As you might can tell from Friday’s post, my recurring obsession with persistence has flared up again. In all my years of development, I have still yet to find a solution that feels "perfect". Perhaps the holy grail of storage is impossible to obtain. Perhaps there is no perfect solution. Maybe it’s some Matrix-style philosophical issue, and the idea of a perfect persistence solution is a dream that us primitive developers refuse to accept. In any case, I thought it was time to (once again) survey the landscape of solutions to see what’s changed since I went on this persistence trip a year ago. Seriously, there must be something about January, because I think I go on this tear every year about this time. Anyway…
Storage for Developers 101
In the beginning, there were files. And files were good, we still use the crap out of them today. But they were lacking something (several somethings, in fact). How do you read/write to files quickly? How do you maintain some degree of integrity and consistency in the data? How do you handle concurrency? It turns out that these cross-cutting concerns were not application specific, they were universal requirements that needed to be addressed, and most developers just weren’t very good at it. Enter the database.
Early databases were not much more than flat files with some API abstractions built on top of them. There was no SQL, no joins, nothing of that sort. It wasn’t until the 1970s that the method that would dominate our industry for the next 30 years (and counting) was introduced: the relational database. By the 1980s, these things had really taken off, and we had commercial systems being rolled out by a variety of vendors. The Structured Query Language (better known as SQL or "Sequel") became a standard of sorts and was supported by most vendors, and heavyweights IBM, Microsoft, and Oracle rose to power to dominate the scene.
While relational databases were on the rise, alternative systems were also being proposed. Object-oriented databases began to gain some traction (though mostly in academia) due in large part to the paradigm shift towards object-oriented programming. There was also this little thing called XML that showed up on the scene, and with it XML databases, that provided the flexible schema and hierarchical data support that relational databases are not very good at.

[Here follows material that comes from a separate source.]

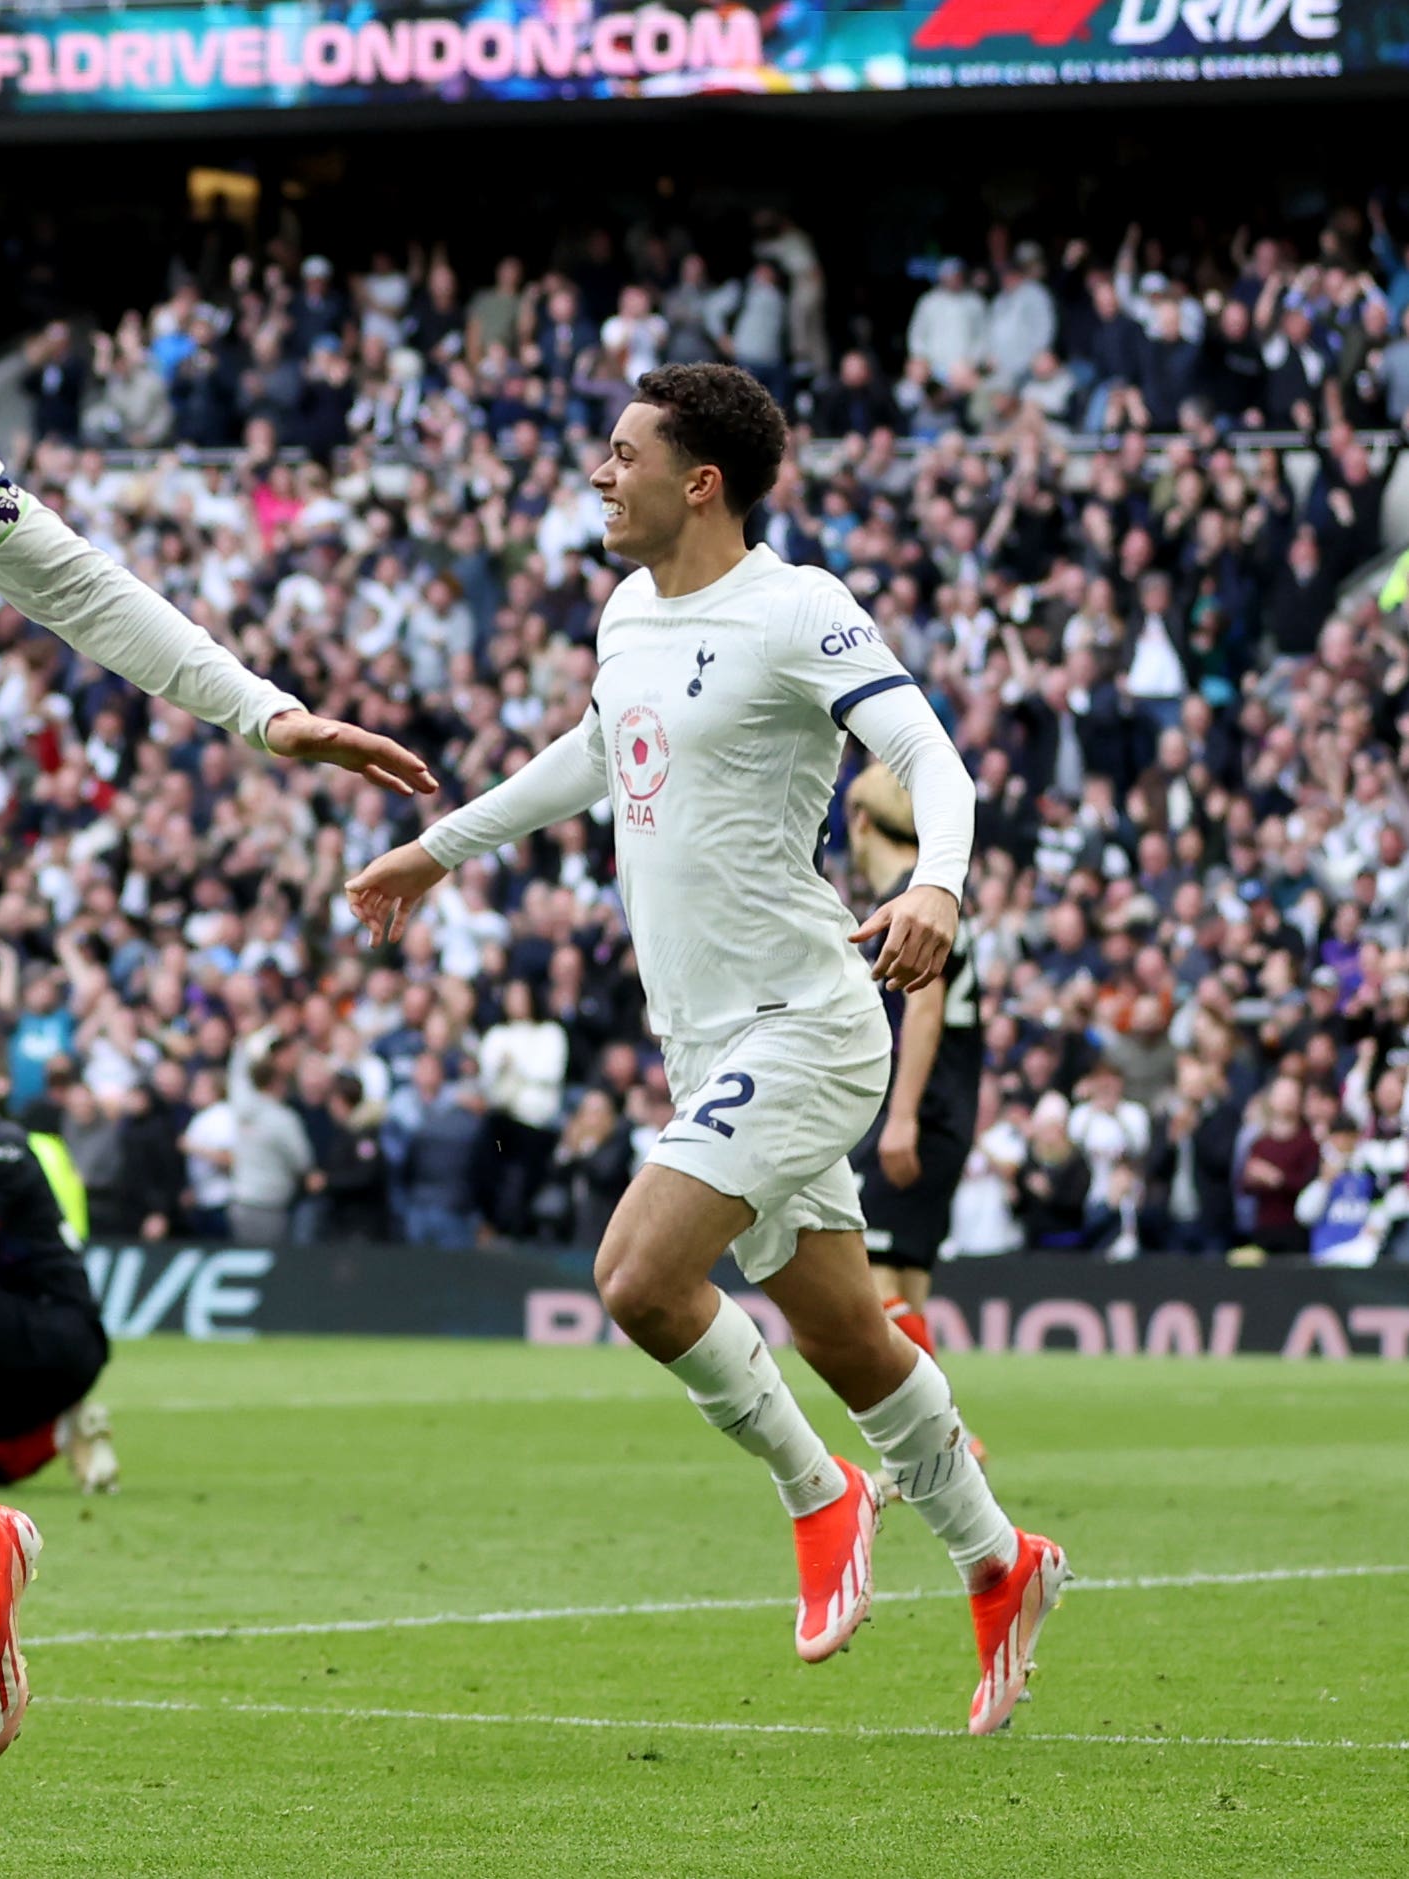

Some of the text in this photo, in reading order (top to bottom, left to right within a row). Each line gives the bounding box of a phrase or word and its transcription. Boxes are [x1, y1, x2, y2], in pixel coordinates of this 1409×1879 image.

Recently, there has also been a shift towards document-oriented databases, which have an even less strict structure than XML databases.
Despite all these advances, most of us in the .NET world still immediately fall back to relational databases as soon as we need to store something. For many (myself included, for the most part), the alternatives are too untested, immature, and unproven to be considered. Many "architects" even start building new applications from the database up, beginning with an ER diagram and only creating the object-oriented view once all the entities are well-defined.
Why the focus on storage?
If it often seems like a disproportionate amount of development time is spent on database access code, that’s because it is. Studies have shown that as much as 40% of total effort in a software project is spent on writing and maintaining data access code. That’s 40% of your effort that’s not meeting requirements, that’s not adding useful features, that’s not adding value to the application. "But Matt, the database drives everything, without it we have no system, so our data access code is actually adding more value than anything else!" WRONG. Do you really think that the customer cares whether you use NHibernate or ActiveRecord or SubSonic or MyHomeGrownDAL or whatever? No, they don’t, what they care about is whether the application meets their needs. Sure, there are exceptions, and sometimes the underlying database itself actually fulfills business requirements, but often times it doesn’t. So why spend 40% of your time on something that isn’t actually improving your application? If you are using a relational database, the answer is because you have to.
The Impedance Mismatch
One of the reasons that data access code takes up so much of the development effort is because there is a gigantic mismatch between the view of relational databases and the object-oriented view that our application code takes. This square-peg-in-a-round-hole scenario is referred to as the impedance mismatch, and it is the bane of modern development. Translating between the relational world and the object world is expensive, painful, and time consuming. The sheer number of tools that exist to help overcome this barrier is a testament to the scope of this problem.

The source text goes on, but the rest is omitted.